Comment 5 Olav Vitters 2013-05-03 12:30:31 UTC
Agree with Colin and Frederic. First rely on api.gnome.org, but also check if we can use the Microsoft thing.
Comment 6 Rui Matos 2013-05-03 12:57:58 UTC
Dan was also mentioning the Android implementation on IRC yesterday. For reference I think it's at https://android.googlesource.com/platform/frameworks/base/+/master/core/java/android/net/CaptivePortalTracker.java .
Comment 7 Owen Taylor 2013-05-03 13:26:05 UTC
I think there are all sorts of external things that we could use from different vendors out on the internet, and most are going to provide better performance and reliability than anything we host on gnome.org.
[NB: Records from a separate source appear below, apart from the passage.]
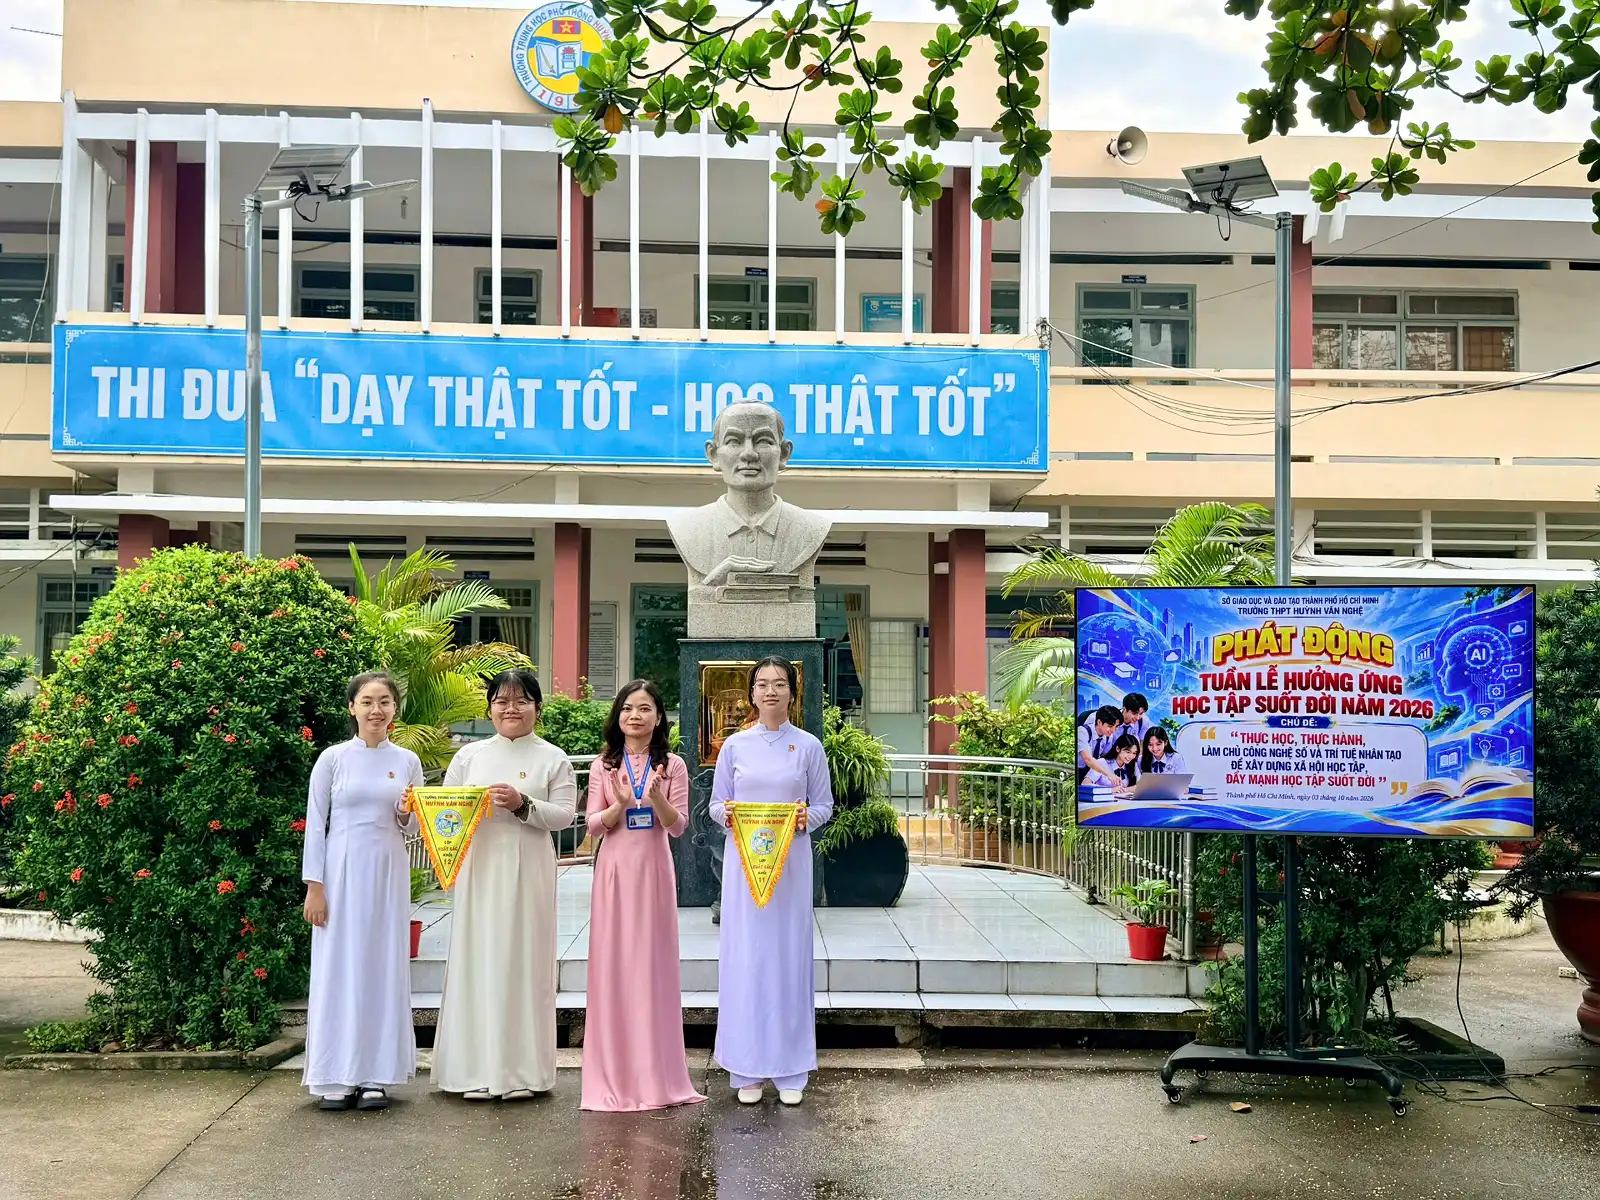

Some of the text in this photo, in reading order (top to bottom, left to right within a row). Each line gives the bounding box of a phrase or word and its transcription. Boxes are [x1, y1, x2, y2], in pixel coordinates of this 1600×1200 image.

[517, 25, 533, 51] TRUNG
[531, 12, 547, 28] HỌC
[91, 366, 164, 419] THI
[428, 366, 542, 440] THẬT
[556, 361, 638, 431] TỐT
[789, 373, 899, 446] THẬT
[1263, 596, 1272, 605] VÀ
[1362, 596, 1379, 605] MINH
[1237, 606, 1364, 617] TRƯỜNG THPT HUỲNH VĂN NGHỆ
[1212, 620, 1394, 667] PHÁT ĐỘNG
[1471, 648, 1486, 660] AI
[1199, 664, 1403, 695] TUẦN LỄ HƯỞNG ỨNG
[1172, 691, 1433, 719] HỌC TẬP SUỐT ĐỜI NĂM 2026
[1280, 717, 1318, 726] CHỦ ĐỀ:
[1271, 733, 1297, 746] HỌC,
[1300, 733, 1329, 746] THỰC
[1332, 732, 1366, 747] HÀNH,
[1201, 745, 1402, 762] LÀM CHỦ CÔNG NGHỆ SỐ VÀ TRÍ TUỆ NHÂN TẠO
[1231, 757, 1368, 774] ĐỂ XÂY DỰNG XÃ HỘI HỌC TẬP,
[1226, 770, 1245, 784] ĐẨY
[1248, 774, 1278, 787] MẠNH
[1282, 775, 1302, 787] HỌC
[1305, 774, 1325, 788] TẬP
[1328, 773, 1355, 787] SUỐT
But it's not performance and reliability that we can rely on as a project. That especially refers to anything hosted by Apple/Microsoft/Google/etc - companies that have no relationship to our software.
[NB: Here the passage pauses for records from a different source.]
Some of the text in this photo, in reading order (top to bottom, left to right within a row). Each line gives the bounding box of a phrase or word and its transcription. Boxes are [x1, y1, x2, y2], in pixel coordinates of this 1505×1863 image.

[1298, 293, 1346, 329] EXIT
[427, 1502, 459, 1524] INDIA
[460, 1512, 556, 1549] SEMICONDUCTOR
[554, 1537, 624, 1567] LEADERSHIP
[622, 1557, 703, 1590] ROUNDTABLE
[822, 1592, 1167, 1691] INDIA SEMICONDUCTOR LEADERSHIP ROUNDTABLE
I don't see any real issue with handling tens of millions of requests a day if:

 - We don't share the web server processes with anything dynamic
 - We don't log the requests

At that point, probably the web server isn't the bottleneck compared to the network card - but you could further hyper-optimize it arbitrarily.

[ That being said - if we have someone shipping millions of copies of NetworkManager it would be nice if they would reconfigure NM not to use our service - especially if there's a 120s ping frequency (is that necessary to make it that fast?) or provide resources to handle the service. ]

While we may be somewhat limited at what we can configure now by an IP address shortage and not wanting to get complex, to make sure that we have the flexiblity to do whatever we want in the future, having a separate domain name seems like a good idea.

Even if we have a separate domain name, I'd suggest using an URL that isn't / - that is, say http://nmcheck.gnome.org/check_network_status.html - so that we can do:

 nmcheck CNAME www.sponsoring-company-with-cool-multihomed-network.com.
Comment 8 Colin Walters 2013-05-03 14:35:24 UTC
There's another alternative, for GNOME to pay a 3rd party CDN such as Akamai or Amazon Cloudfront.
Comment 9 William Jon McCann 2013-06-26 22:25:29 UTC
Dan: Thanks to the sysadmin team it looks like we'll have a vhost on one of the servers very soon. Can you provide some details on what code or static page we'll need to host there?

Are we cool with Owen's suggestion of the hostname and URL? "http://nmcheck.gnome.org/check_network_status.html"
Comment 10 Dan Winship 2013-06-26 22:46:11 UTC
comment 0 explains what NM checks for.

Since returning a specific HTTP header probably requires PHP or something, and we want to keep the load down, it's probably better to go with the specific body content. So, you want the URL to be a plaintext file containing "NetworkManager is online" (with or without a newline after it). The URL doesn't matter, although to be accurate, it should be ".txt", not ".html".

You can test by adding

  [connectivity]
  uri=http://nmcheck.gnome.org/check_network_status.txt

or whatever to /etc/NetworkManager/NetworkManager.conf (although not with stock Fedora packages, since we're still building without connectivity-checking support).
Comment 11 Andrea Veri 2013-06-27 10:27:10 UTC
OK, it should be there now at http://nmcheck.gnome.org/check_network_status.txt. I did set it up on a machine that currently doesn't run any other vhost than nmcheck. In addition I did disable logging completely for the whole httpd. Let me know if you need anything else on my side.
Comment 12 Andrea Veri 2013-11-21 14:57:22 UTC
The GNOME Infrastructure Team is currently migrating its bug / issue tracker away from Bugzilla to Request Tracker and therefore all the currently open bugs have been closed and marked as OBSOLETE.

The following move will also act as a cleanup for very old and ancient tickets that were still living on Bugzilla. If your issue still hasn't been fixed as of today please report it again on the relevant RT queue.